***** Exercise input
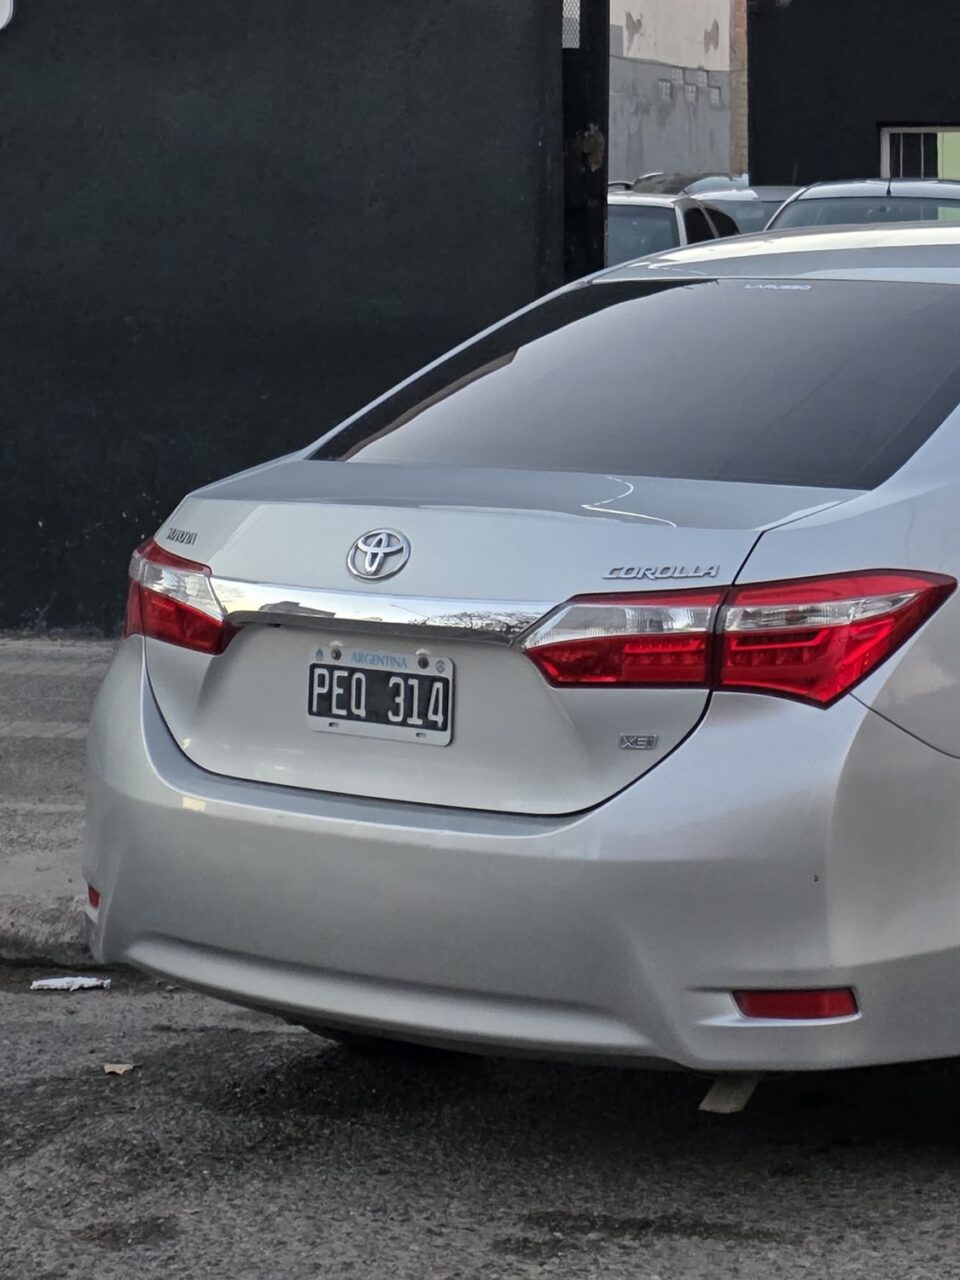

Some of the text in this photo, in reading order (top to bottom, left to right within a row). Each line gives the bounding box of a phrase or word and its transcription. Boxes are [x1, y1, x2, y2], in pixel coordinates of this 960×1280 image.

[602, 565, 720, 580] COROLLA
[351, 651, 408, 669] ARGENTINA
[311, 668, 445, 728] PEQ 314
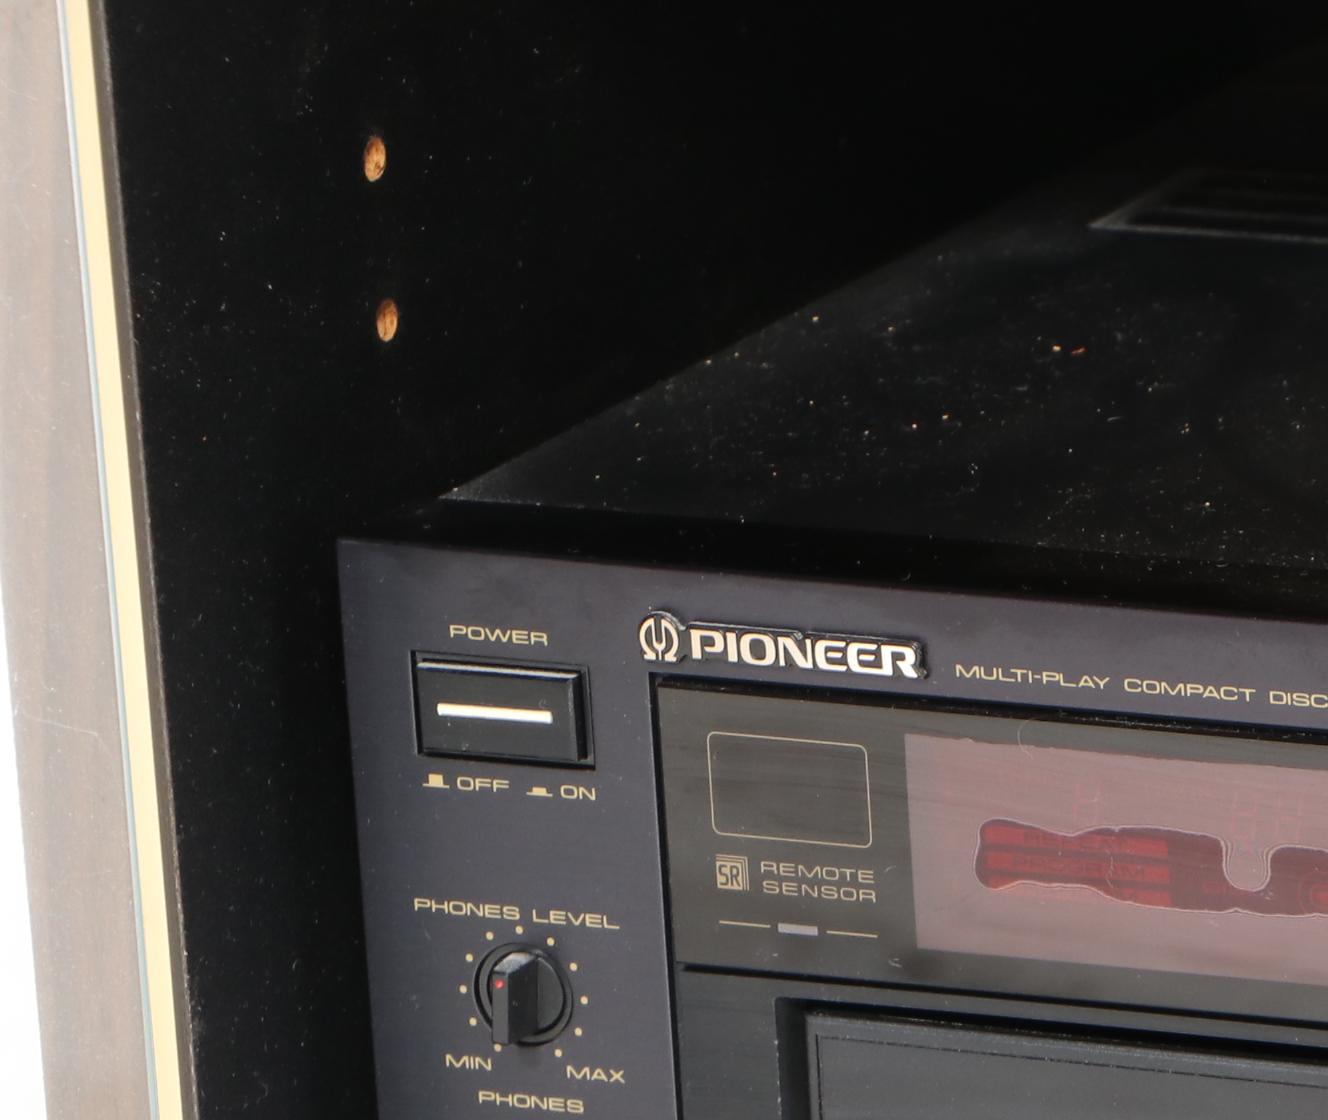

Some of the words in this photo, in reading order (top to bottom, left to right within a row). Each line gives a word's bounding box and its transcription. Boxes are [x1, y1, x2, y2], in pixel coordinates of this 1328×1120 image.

[449, 624, 548, 646] POWER
[689, 629, 918, 679] PIONEER
[955, 664, 1110, 690] MULTI-PLAY
[1123, 678, 1256, 702] COMPACT
[1269, 690, 1328, 709] DISC
[456, 776, 509, 793] OFF
[560, 785, 596, 801] ON
[760, 861, 875, 887] REMOTE
[762, 878, 877, 903] SENSOR
[414, 898, 521, 921] PHONES
[532, 909, 620, 930] LEVEL
[445, 1054, 492, 1071] MIN
[566, 1065, 625, 1084] MAX
[478, 1090, 585, 1114] PHONES
**********
Work required → Print the material above word for word, and keep the pictures out of it.

Reply →
Some of the text in this photo, in reading order (top to bottom, left to right within a row). Each line gives the bounding box of a phrase or word and its transcription. Boxes are [x1, y1, x2, y2], in pixel coordinates of this 960×1280 image.

[602, 565, 720, 580] COROLLA
[351, 651, 408, 669] ARGENTINA
[311, 668, 445, 728] PEQ 314

Some of the words in this photo, in reading order (top to bottom, left to right within a row). Each line gives a word's bounding box and its transcription. Boxes are [x1, y1, x2, y2], in pixel coordinates of this 1328×1120 image.

[449, 624, 548, 646] POWER
[689, 629, 918, 679] PIONEER
[955, 664, 1110, 690] MULTI-PLAY
[1123, 678, 1256, 702] COMPACT
[1269, 690, 1328, 709] DISC
[456, 776, 509, 793] OFF
[560, 785, 596, 801] ON
[760, 861, 875, 887] REMOTE
[762, 878, 877, 903] SENSOR
[414, 898, 521, 921] PHONES
[532, 909, 620, 930] LEVEL
[445, 1054, 492, 1071] MIN
[566, 1065, 625, 1084] MAX
[478, 1090, 585, 1114] PHONES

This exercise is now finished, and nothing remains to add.